Painter Angel Otero has come aboard the Hauser & Wirth gallery train, departing from his dealers Lehmann Maupin and Vielmetter. The move makes him one of the few Puerto Rico–based artists on the roster of a mega-gallery, Alex Greenberger reports. [ARTnews]

A big week for catalogues raisonnés! The Robert Rauschenberg Foundation said it will publish a free, online one for the artist’s paintings, ARTnews reported, and now Hessink’s auction house in Amsterdam is readying an unauthorized one for the murals of Banksy. The anonymous street artist has not commented. [The Art Newspaper]
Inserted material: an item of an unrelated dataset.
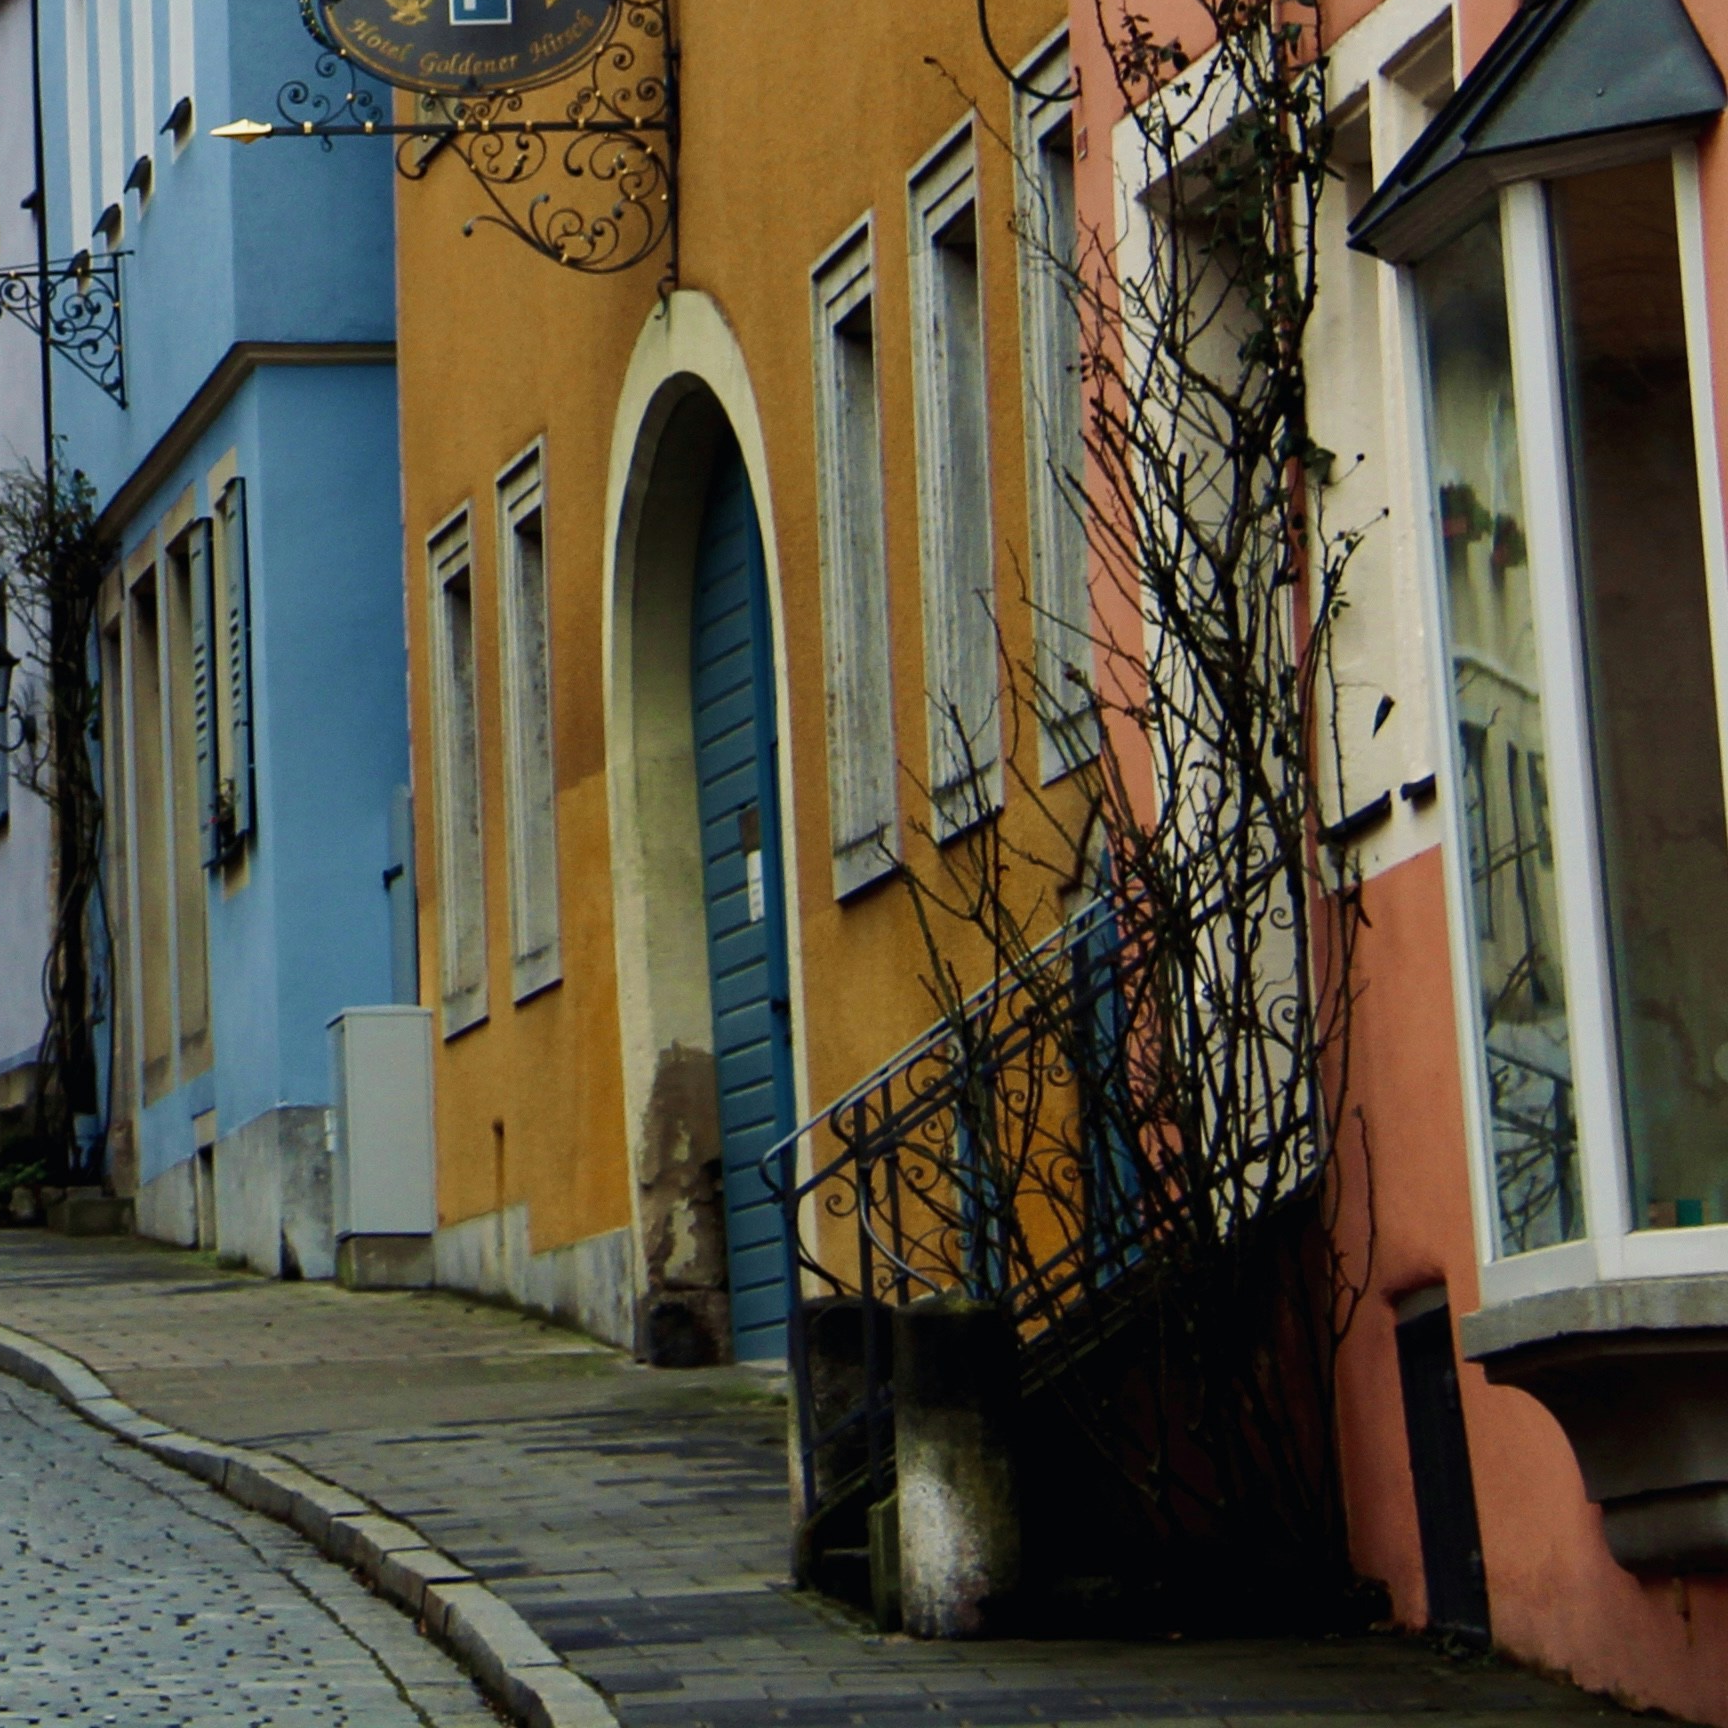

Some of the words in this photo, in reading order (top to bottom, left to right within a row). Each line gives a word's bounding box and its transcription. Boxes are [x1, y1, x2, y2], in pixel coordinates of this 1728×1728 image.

[346, 18, 415, 63] Hotel
[419, 51, 519, 76] Goldener
[528, 8, 594, 63] Hirsch
The water level in the Great Salt Lake in Utah—the home of Robert Smithson’s storied Spiral Jetty (1970)—has dropped below the lowest level ever recorded (in 170 years of recording). State lawmakers are calling for legislation to safeguard the lake, amid concerns about “toxic dust, ecological collapse, and economic consequences,” Lindsay Whitehurst reports. [The Associated Press]

Art collector Peter Brant and his wife, model Stephanie Seymour, snapped up townhouses located next to one another on Manhattan’s Upper East Side for $19.99 million. The homes reportedly feature “a walk-in silver safe and hidden doors.” [New York Post]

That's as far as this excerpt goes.